Goal of the exercise:
Print the line that contains "Some of the words" and every line that follows it in the data below, ending with the final line; include nothing else.

Free-text object descriptions
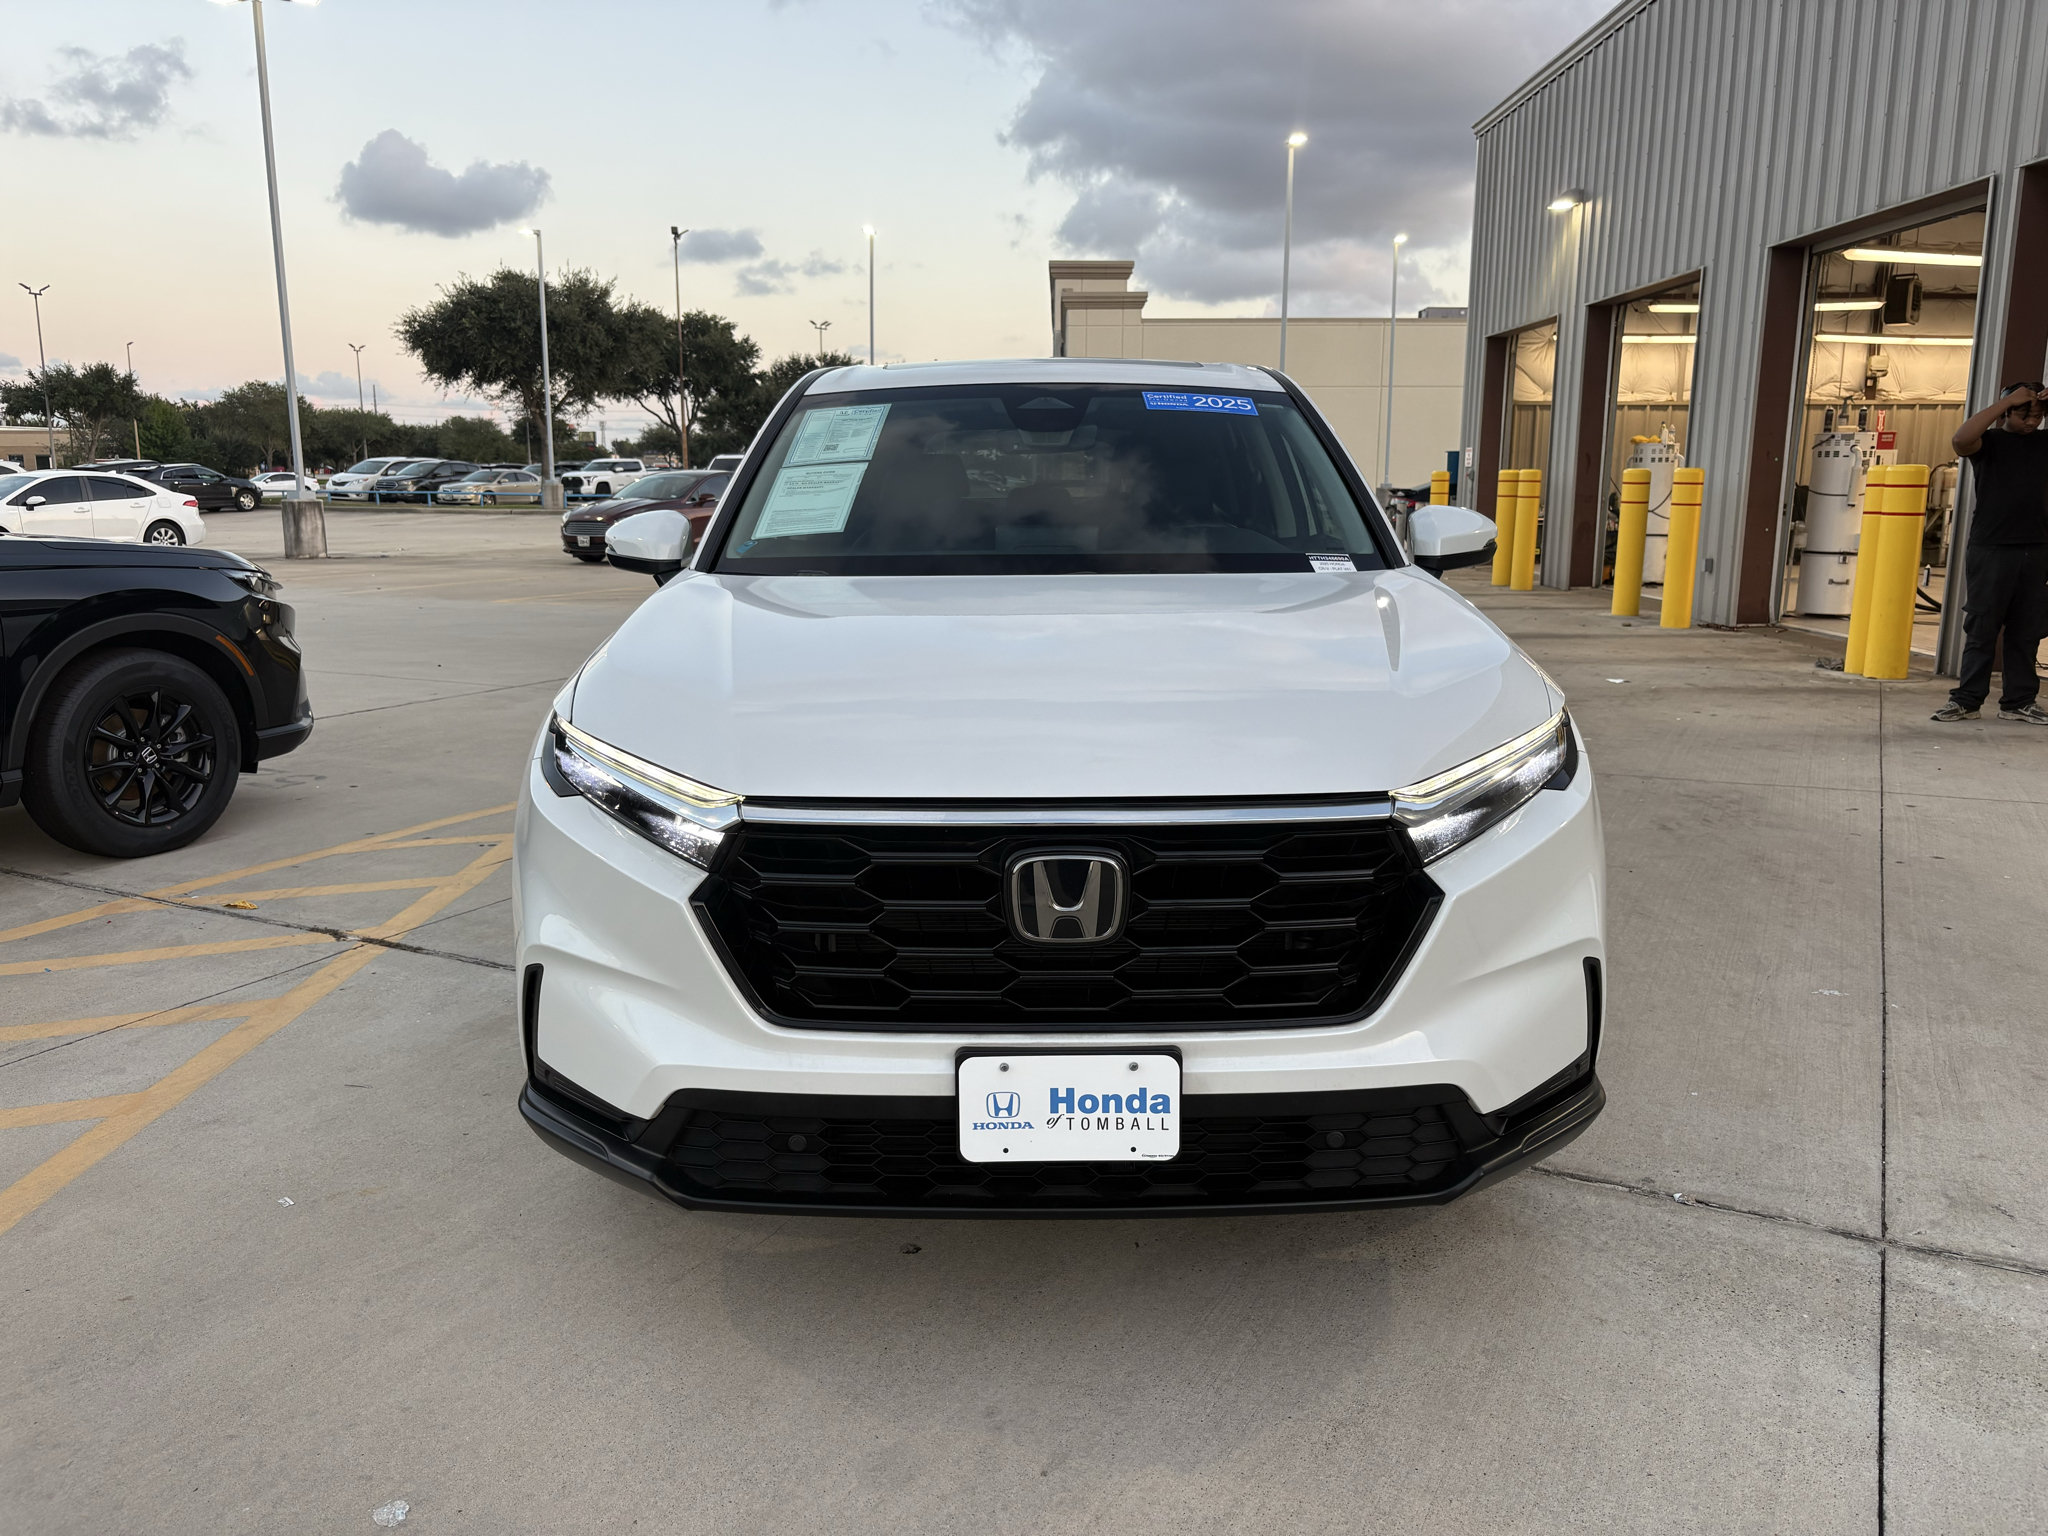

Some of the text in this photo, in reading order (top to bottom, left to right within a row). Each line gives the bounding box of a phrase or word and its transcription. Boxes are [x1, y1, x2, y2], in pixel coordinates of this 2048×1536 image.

[1192, 396, 1252, 410] 2025
[1049, 1087, 1171, 1114] Honda
[972, 1121, 1035, 1131] HONDA
[1046, 1113, 1170, 1131] of TOMBALL
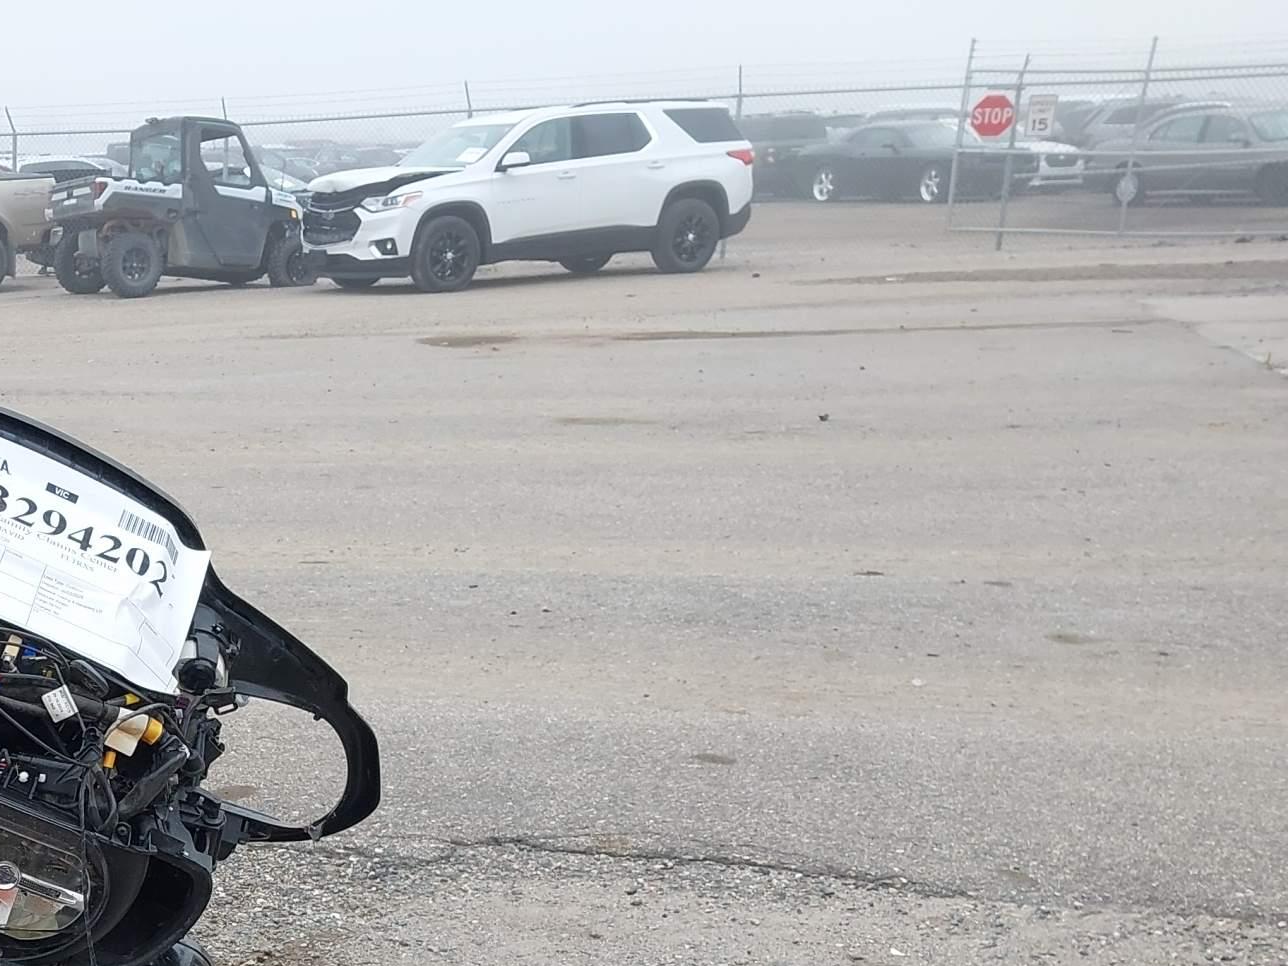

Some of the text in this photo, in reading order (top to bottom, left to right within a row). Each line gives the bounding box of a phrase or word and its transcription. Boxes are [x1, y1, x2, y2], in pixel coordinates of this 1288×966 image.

[973, 107, 1013, 124] STOP
[1031, 117, 1049, 131] 15
[54, 487, 71, 500] VIC
[80, 551, 118, 574] Center
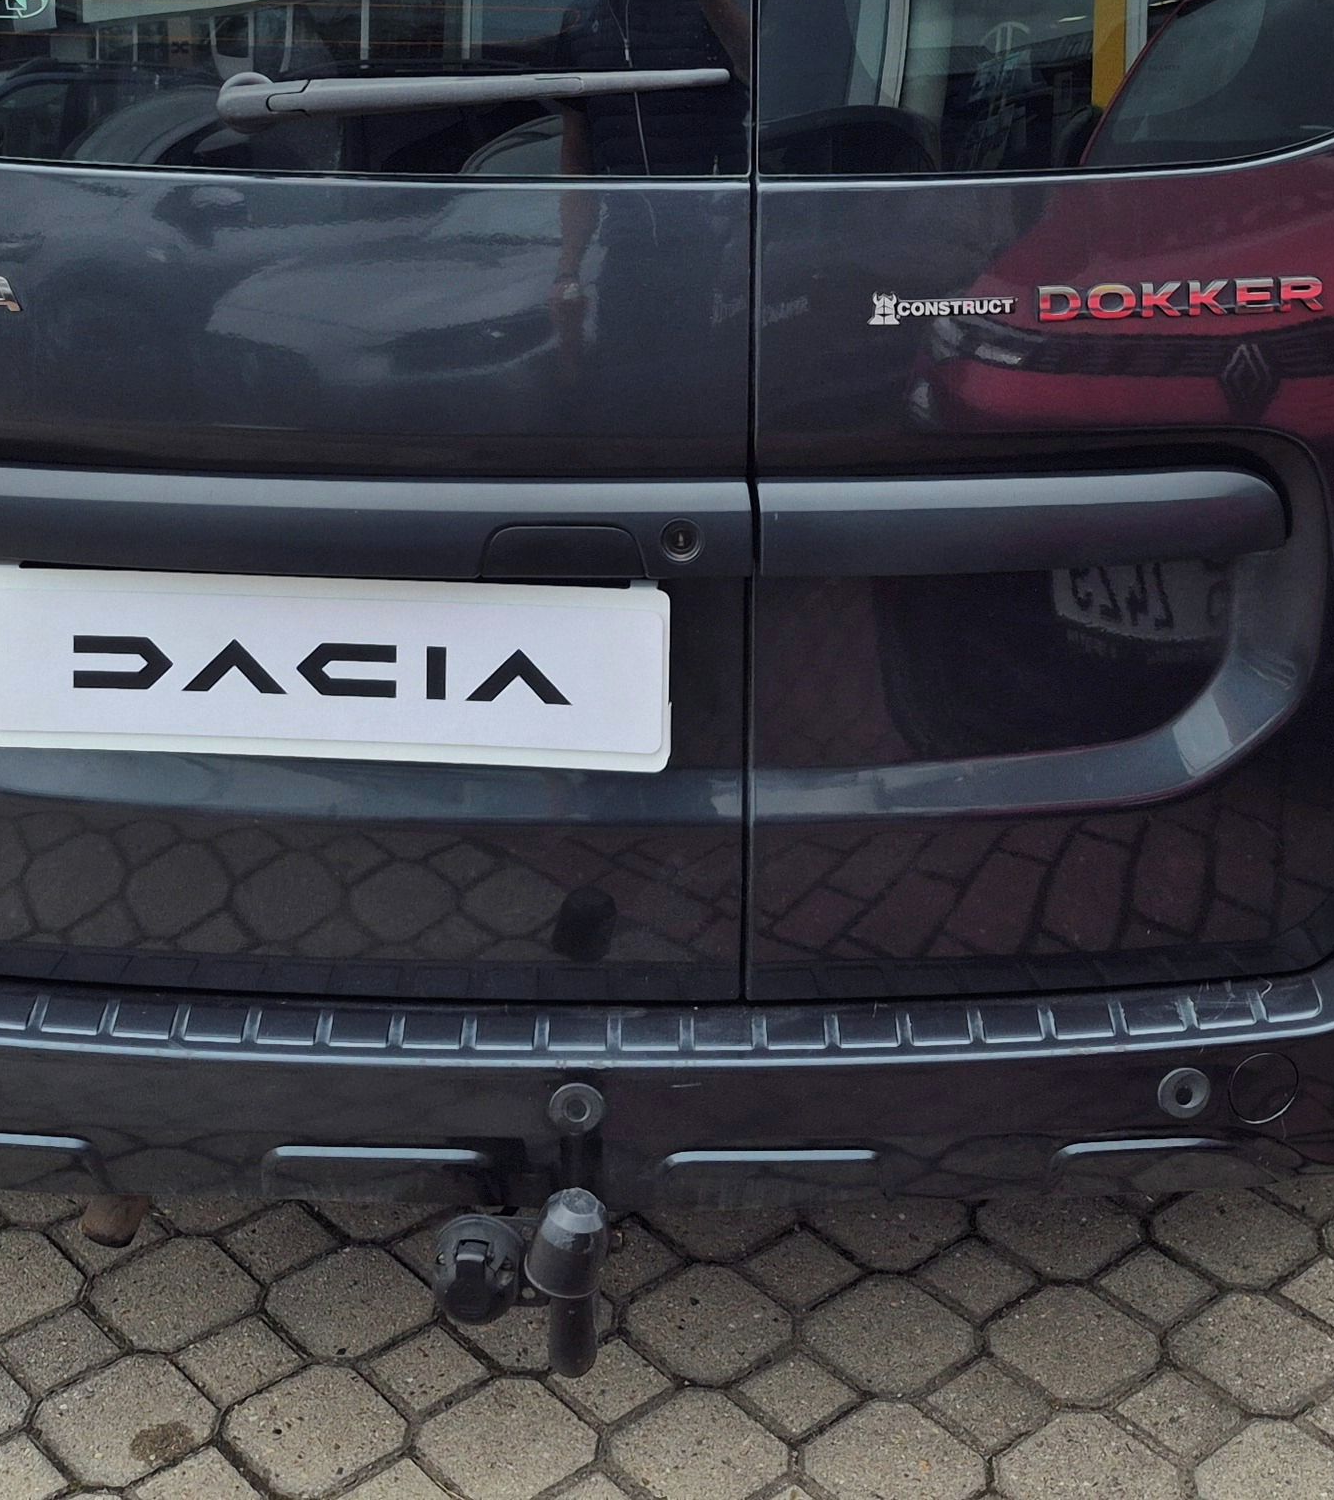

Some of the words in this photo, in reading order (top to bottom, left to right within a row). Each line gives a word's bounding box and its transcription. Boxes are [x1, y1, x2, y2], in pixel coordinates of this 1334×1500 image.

[897, 299, 1014, 316] CONSTRUCT
[1037, 275, 1325, 323] DOKKER
[72, 634, 573, 706] DACIA

Answer to the problem:
Some of the words in this photo, in reading order (top to bottom, left to right within a row). Each line gives a word's bounding box and its transcription. Boxes are [x1, y1, x2, y2], in pixel coordinates of this 1334×1500 image.

[897, 299, 1014, 316] CONSTRUCT
[1037, 275, 1325, 323] DOKKER
[72, 634, 573, 706] DACIA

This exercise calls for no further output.